◆ **Directions for this task**: If pictures are present, leave them out, and copy the data word for word.

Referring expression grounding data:
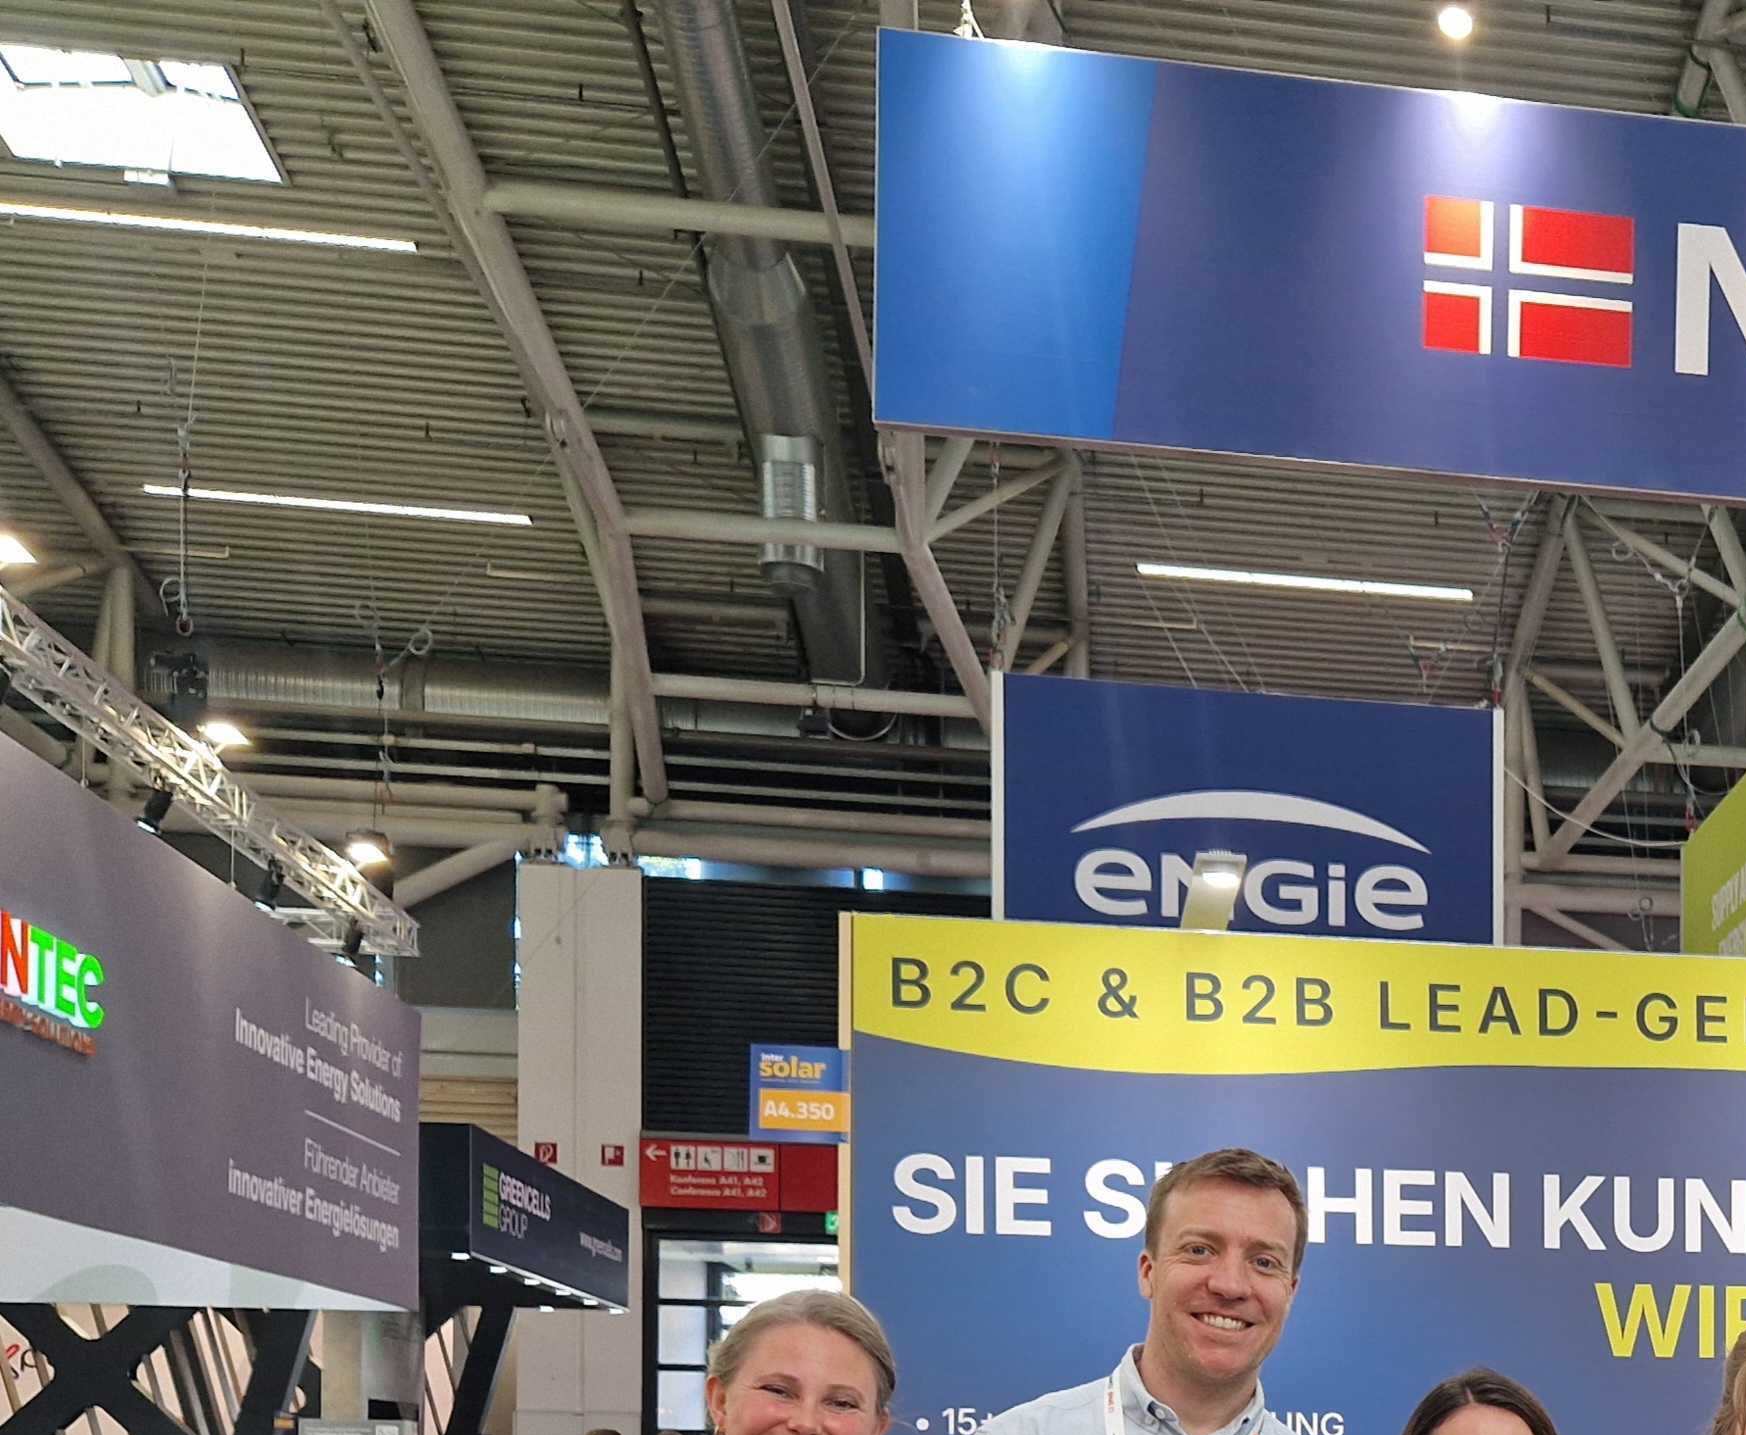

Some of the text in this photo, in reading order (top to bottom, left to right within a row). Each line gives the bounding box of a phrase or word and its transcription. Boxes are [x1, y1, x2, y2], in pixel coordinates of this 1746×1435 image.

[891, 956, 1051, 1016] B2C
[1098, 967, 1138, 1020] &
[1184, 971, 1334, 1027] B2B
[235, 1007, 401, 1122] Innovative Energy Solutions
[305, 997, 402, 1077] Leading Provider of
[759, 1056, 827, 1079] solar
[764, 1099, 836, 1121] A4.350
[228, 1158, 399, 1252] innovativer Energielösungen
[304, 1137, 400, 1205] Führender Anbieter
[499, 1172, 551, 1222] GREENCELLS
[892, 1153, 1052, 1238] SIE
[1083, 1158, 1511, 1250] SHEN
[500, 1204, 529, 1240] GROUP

◆ **Completed task**:
Some of the text in this photo, in reading order (top to bottom, left to right within a row). Each line gives the bounding box of a phrase or word and its transcription. Boxes are [x1, y1, x2, y2], in pixel coordinates of this 1746×1435 image.

[891, 956, 1051, 1016] B2C
[1098, 967, 1138, 1020] &
[1184, 971, 1334, 1027] B2B
[235, 1007, 401, 1122] Innovative Energy Solutions
[305, 997, 402, 1077] Leading Provider of
[759, 1056, 827, 1079] solar
[764, 1099, 836, 1121] A4.350
[228, 1158, 399, 1252] innovativer Energielösungen
[304, 1137, 400, 1205] Führender Anbieter
[499, 1172, 551, 1222] GREENCELLS
[892, 1153, 1052, 1238] SIE
[1083, 1158, 1511, 1250] SHEN
[500, 1204, 529, 1240] GROUP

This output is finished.